Start of Block

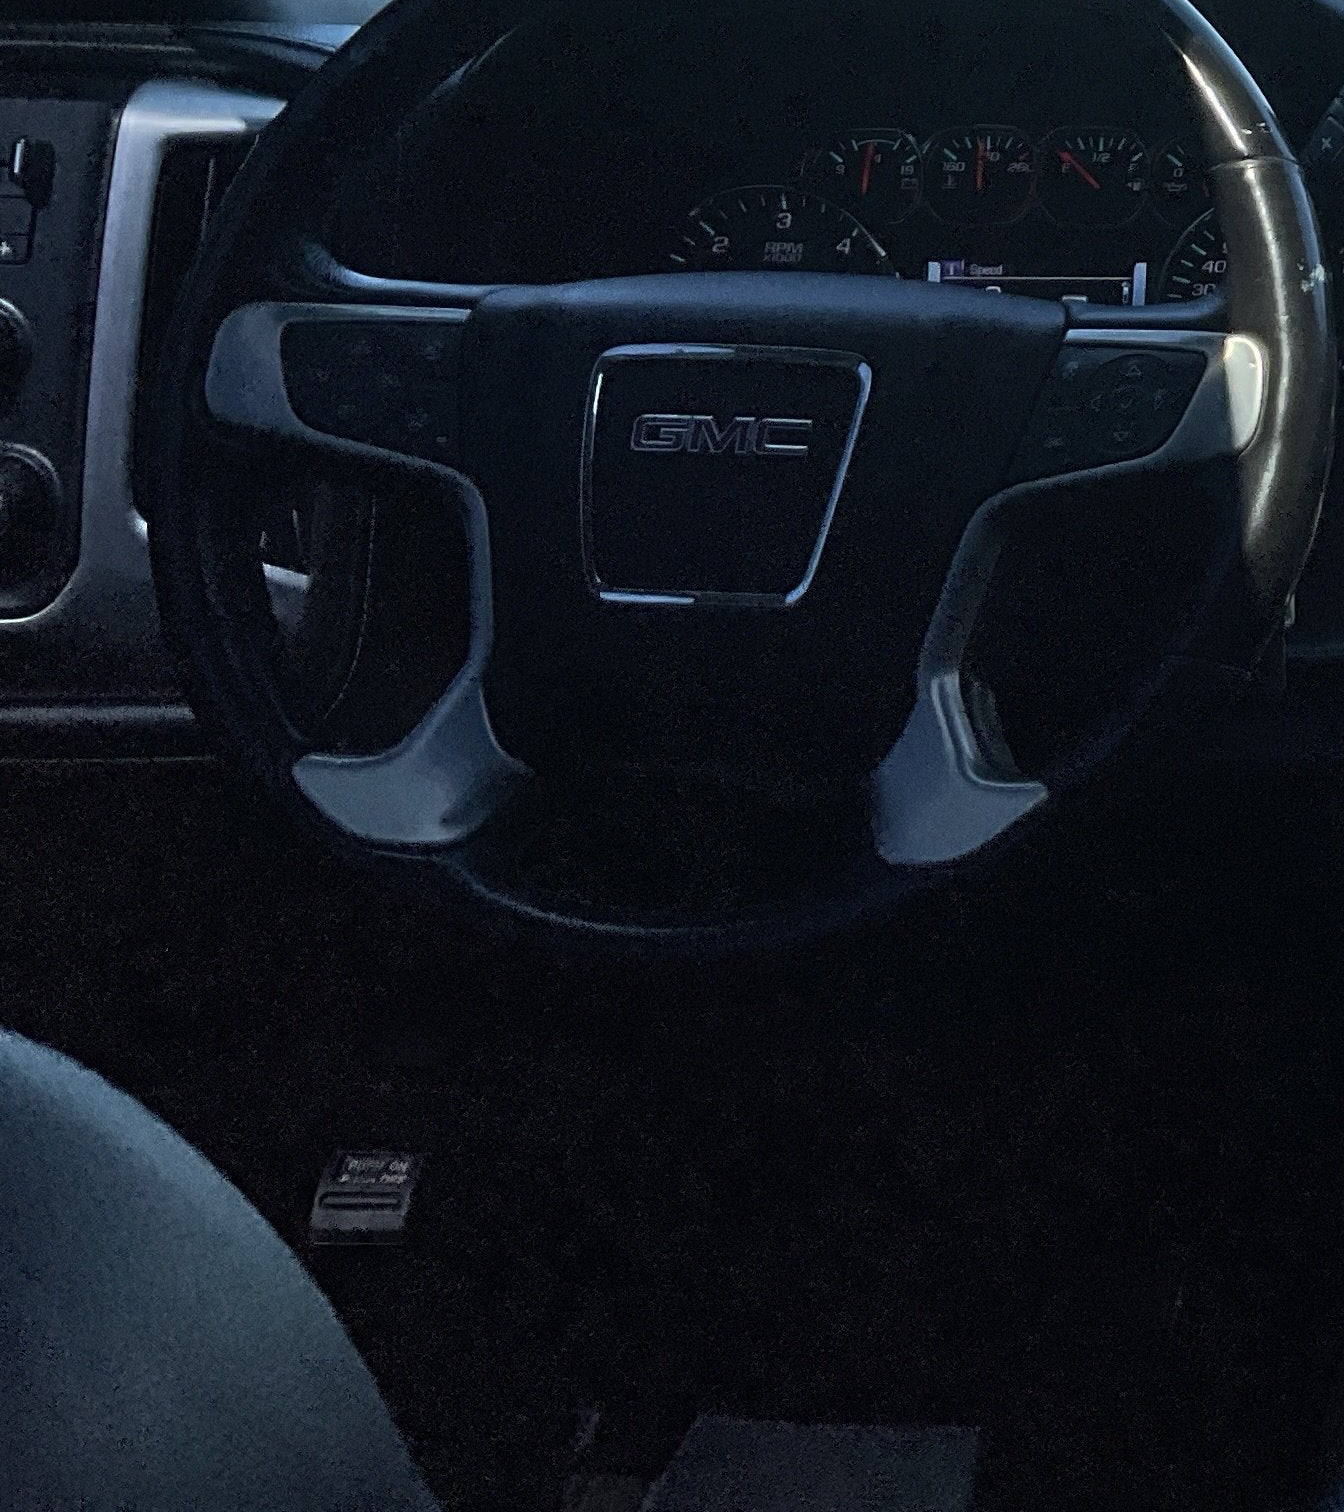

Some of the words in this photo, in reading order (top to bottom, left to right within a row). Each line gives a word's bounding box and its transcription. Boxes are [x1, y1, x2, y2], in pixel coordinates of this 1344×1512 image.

[776, 212, 793, 230] 3
[711, 236, 730, 254] 2
[764, 241, 804, 253] RPM
[836, 238, 851, 255] 4
[1201, 260, 1227, 274] 40
[630, 413, 814, 456] GMC
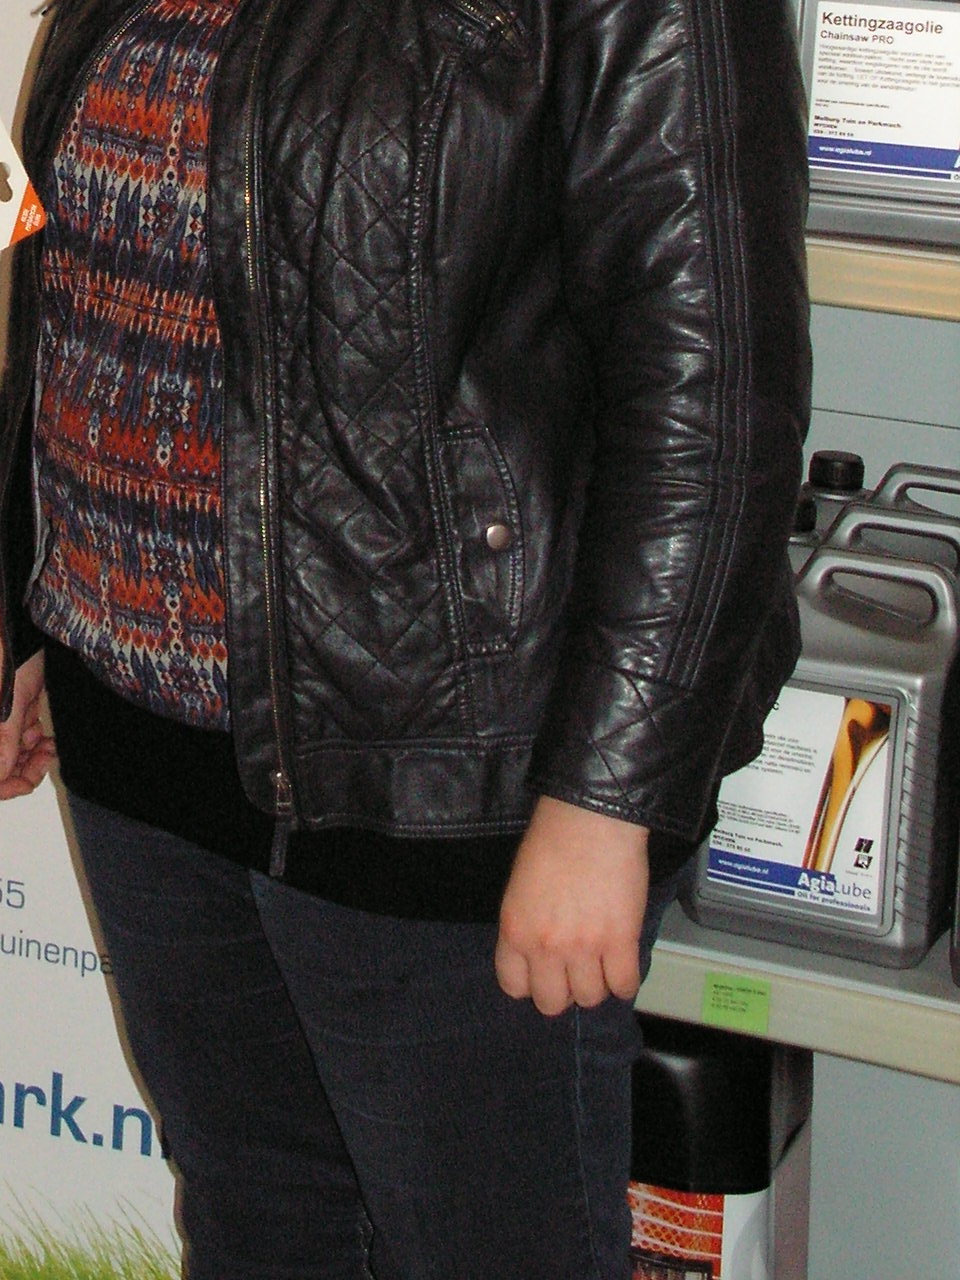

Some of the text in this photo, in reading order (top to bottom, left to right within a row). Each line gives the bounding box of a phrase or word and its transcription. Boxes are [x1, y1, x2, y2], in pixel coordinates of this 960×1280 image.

End of Block

■ Action item: Set down every record exactly, without the pictures.

■ Task response:
Some of the words in this photo, in reading order (top to bottom, left to right within a row). Each line gives a word's bounding box and its transcription. Boxes are [x1, y1, x2, y2], in pixel coordinates of this 1344×1512 image.

[776, 212, 793, 230] 3
[711, 236, 730, 254] 2
[764, 241, 804, 253] RPM
[836, 238, 851, 255] 4
[1201, 260, 1227, 274] 40
[630, 413, 814, 456] GMC

Some of the text in this photo, in reading order (top to bottom, left to right within a row). Each line gives the bounding box of a phrase or word and its transcription. Boxes are [x1, y1, x2, y2], in pixel coordinates of this 960×1280 image.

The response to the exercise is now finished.